Newingtonians on the first AIF convoy
On 1 November 1914, the first convoy of transport ships carrying troops of the Australian Imperial Force (AIF) and New Zealand Expeditionary Force left for Europe from Albany, Western Australia. En route, the convoy’s destination was changed to Egypt.
On board HMAT (His Majesty’s Australian Transport) Euripides, were Corporal Norman Roberts, a policeman from North Sydney who had entered Newington in 1902, and Colour-Sergeant Donald Neil MacGregor, who was teaching in Newington’s Preparatory School when the war broke out. Both were aged 27 and were serving in the 3rd Infantry Battalion. In the same unit was Bugler Charles Foster: he was not an Old Newingtonian but his bugle is now in the College Archives. He scratched the name ‘Euripides’ as the first of his many inscriptions on the bugle in the course of the war. With the 4th Battalion, also aboard the Euripides, was Corporal Harold Richmond Brown, a 19-year-old bank clerk, who had come to Newington in 1911.

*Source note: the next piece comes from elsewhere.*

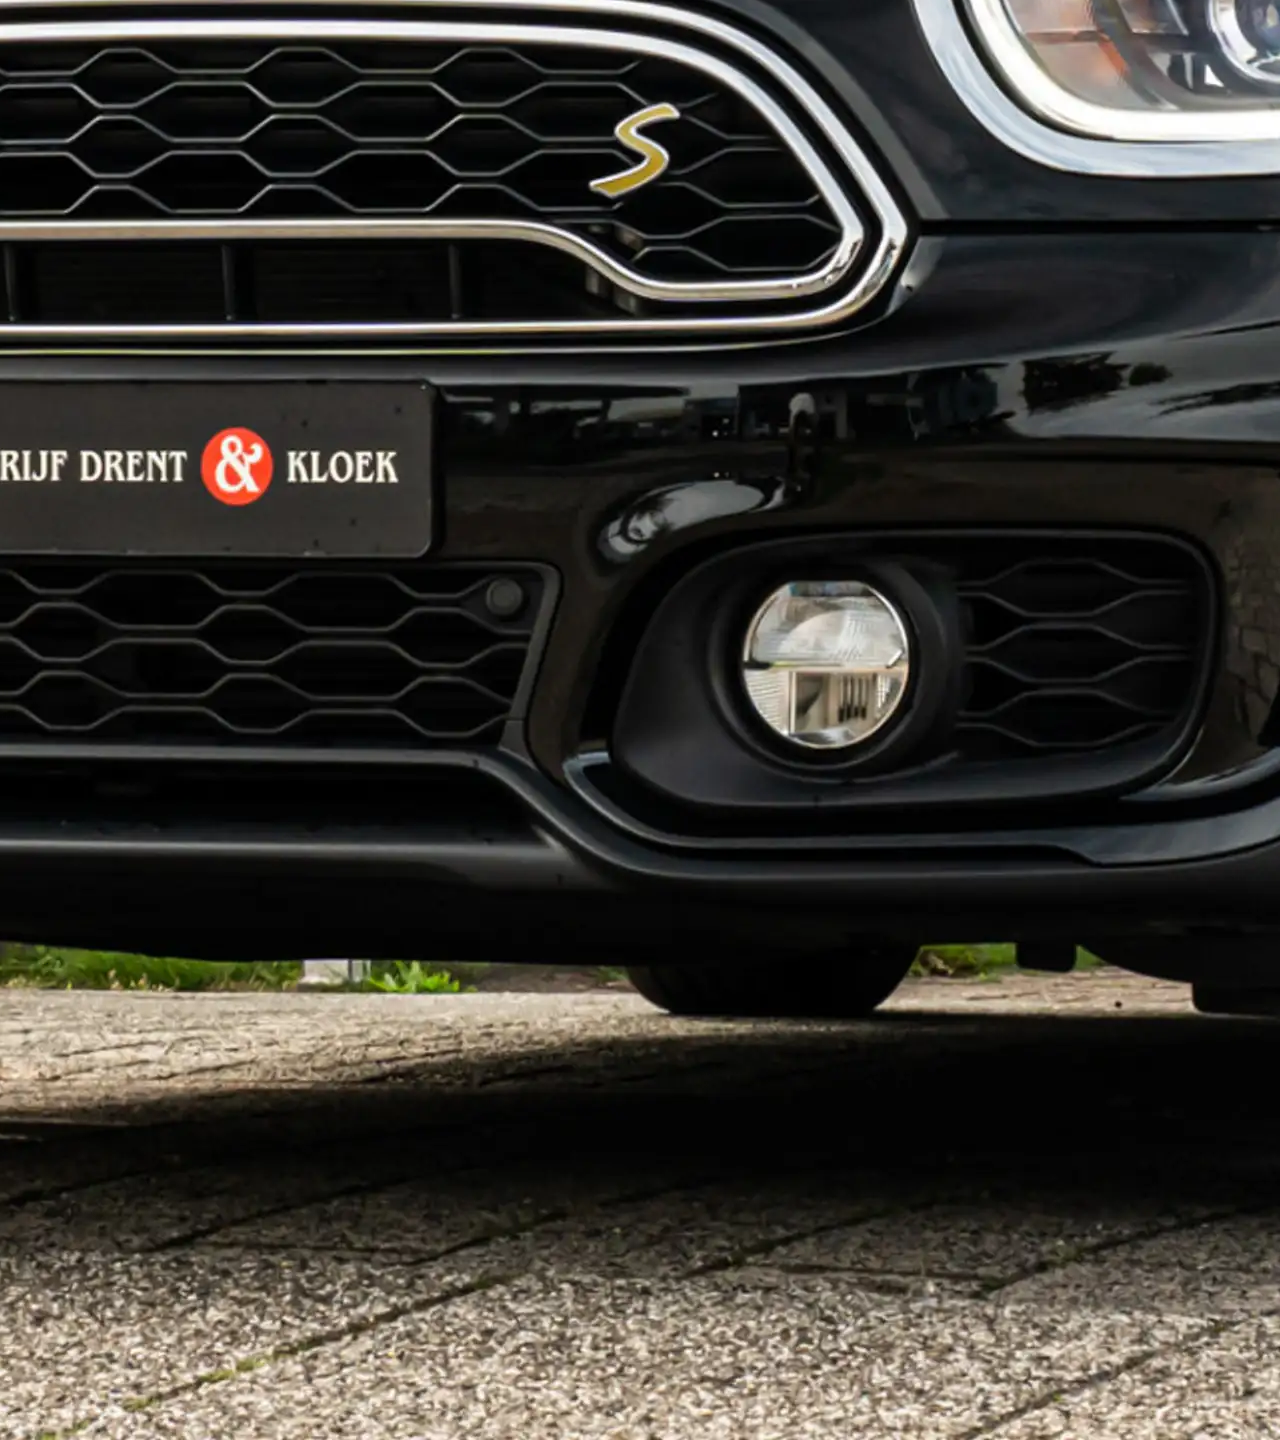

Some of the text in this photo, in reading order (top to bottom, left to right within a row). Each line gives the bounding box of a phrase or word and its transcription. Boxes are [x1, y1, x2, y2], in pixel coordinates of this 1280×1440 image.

[588, 102, 681, 199] S
[79, 449, 188, 482] DRENT
[214, 434, 263, 493] &
[286, 450, 399, 484] KLOEK

Other Newingtonians were spread across the convoy. William Stewart Lucas, a 44-year-old solicitor, had attended the College from 1884 to 1887. He sailed aboard the Argyllshire as a Major in the Divisional Ammunition Column. Clive Kaeppel was the first Newingtonian reported to have volunteered direct from school. The Newingtonian reported that he had been accepted into the Light Horse, but he sailed on board the Afric as a Private in the 1st Battalion. Private Bruce Findlay, originally from Strathfield, had entered the College in 1899. He enlisted in Queensland and was with the 9th Battalion on board the Omrah. This was not his first sea voyage: in 1911 The Newingtonian reported him just returned from Colombo.

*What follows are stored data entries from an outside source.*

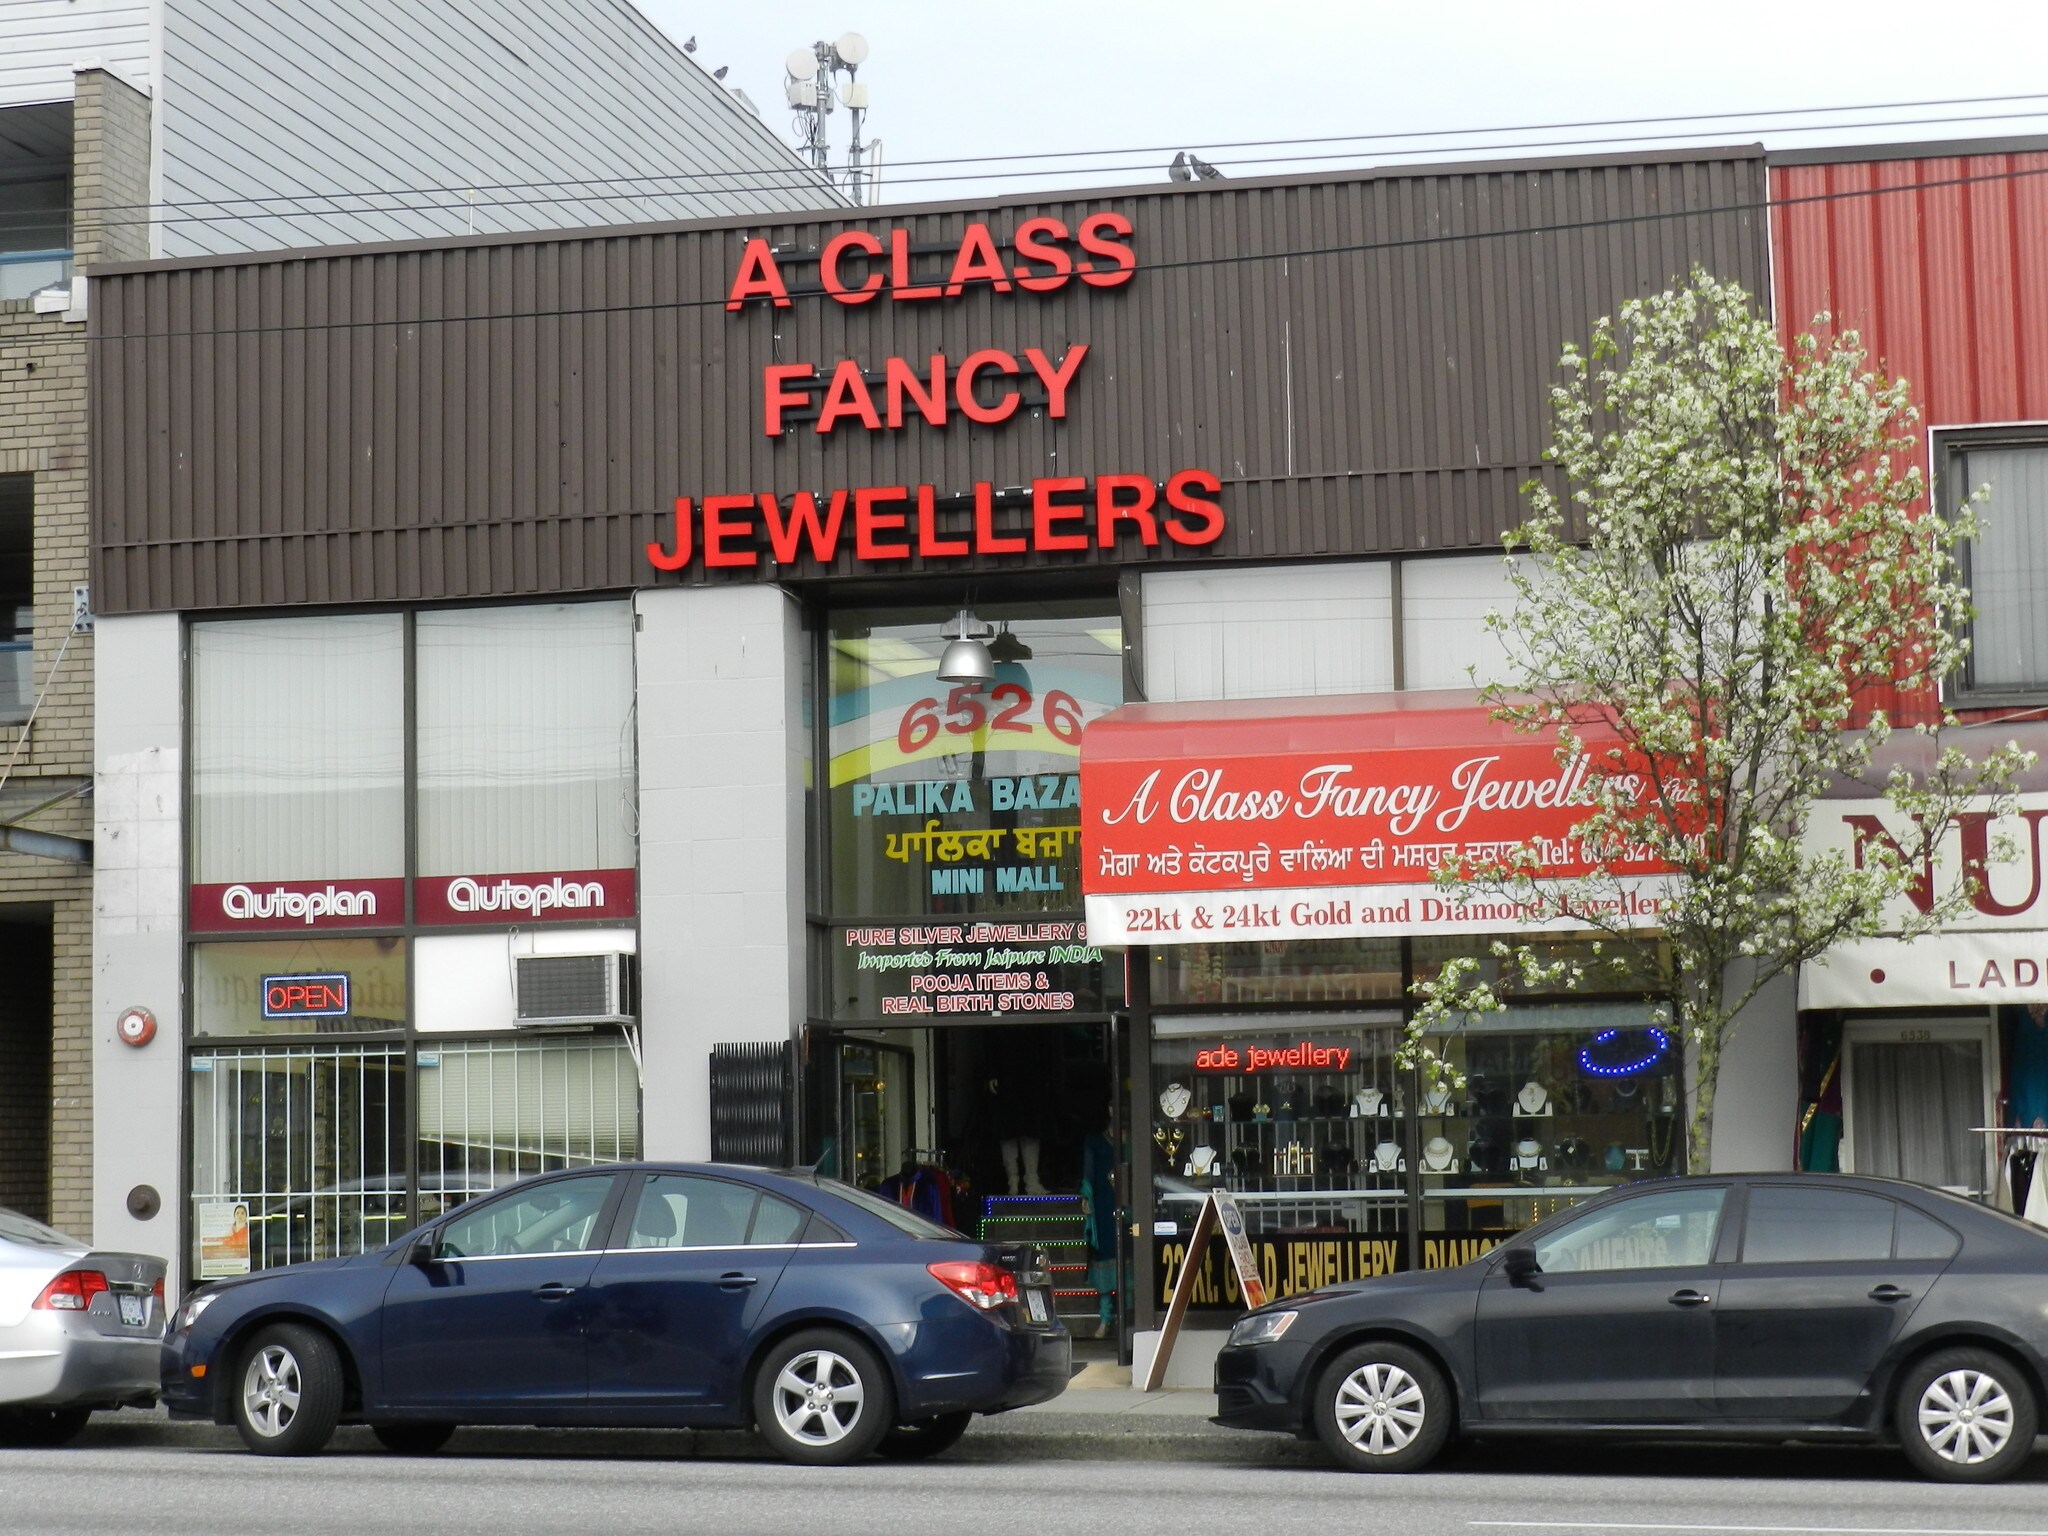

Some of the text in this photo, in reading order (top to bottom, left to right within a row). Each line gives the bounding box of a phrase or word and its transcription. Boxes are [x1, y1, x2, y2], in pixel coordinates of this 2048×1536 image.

[726, 212, 1136, 312] A CLASS
[764, 345, 1090, 437] FANCY
[647, 468, 1226, 572] JEWELLERS
[898, 683, 1084, 755] 6526
[853, 780, 974, 816] PALIKA
[1102, 769, 1161, 825] A
[1169, 768, 1292, 823] Class
[1295, 764, 1441, 836] Fancy
[886, 819, 1082, 863] ਪਾਲਿਕਾ ਬਜ਼ਾ
[1099, 845, 1140, 876] ਮੋਗਾ
[1147, 843, 1183, 875] ਅਤੇ
[1360, 837, 1384, 869] ਦੀ
[931, 866, 1064, 896] MINI MALL
[1126, 891, 1680, 933] 22kt & 24kt Gold and Diamond Jeweller
[846, 928, 896, 947] PURE
[899, 926, 963, 944] SILVER
[965, 923, 1075, 943] JEWELLERY
[857, 946, 1103, 973] Imported From Jaipure INDIA
[268, 984, 343, 1010] OPEN
[911, 971, 1050, 992] POOJA ITEMS &
[882, 991, 1075, 1014] REAL BIRTH STONES
[1196, 1041, 1350, 1074] ade jewellery
[1224, 1242, 1277, 1304] GD

Private Richard Stanley Meek, a farmer who had come to Newington in 1894, was with the 2nd Battalion aboard the Suffolk. His brother, Hubert Kingsley Meek, at Newington from 1900 to 1905, had studied at Oxford and was on his way back to England from Russia when war broke out. He was commissioned in the King’s Royal Rifle Corps in October and would serve at Gallipoli with the British forces. Also enlisting in England after study at Oxford was Carleton Kemp Allen, Dux at Newington in 1905, who was commissioned in the Middlesex Regiment on the outbreak of war.
A second convoy departed from Albany the next month. Among others, Sergeant Roy Morrell, a grazier from Bathurst, and Trooper Hayward Moffatt, a farmer from Longreach, sailed on 21 December. Both had entered Newington in 1903 and served together in A Squadron of the 6th Light Horse.
Most of these names are among the 52 Old Newingtonians on active service listed in the December 1914 issue of The Newingtonian, which is accessible on Spaces here and on the College’s website.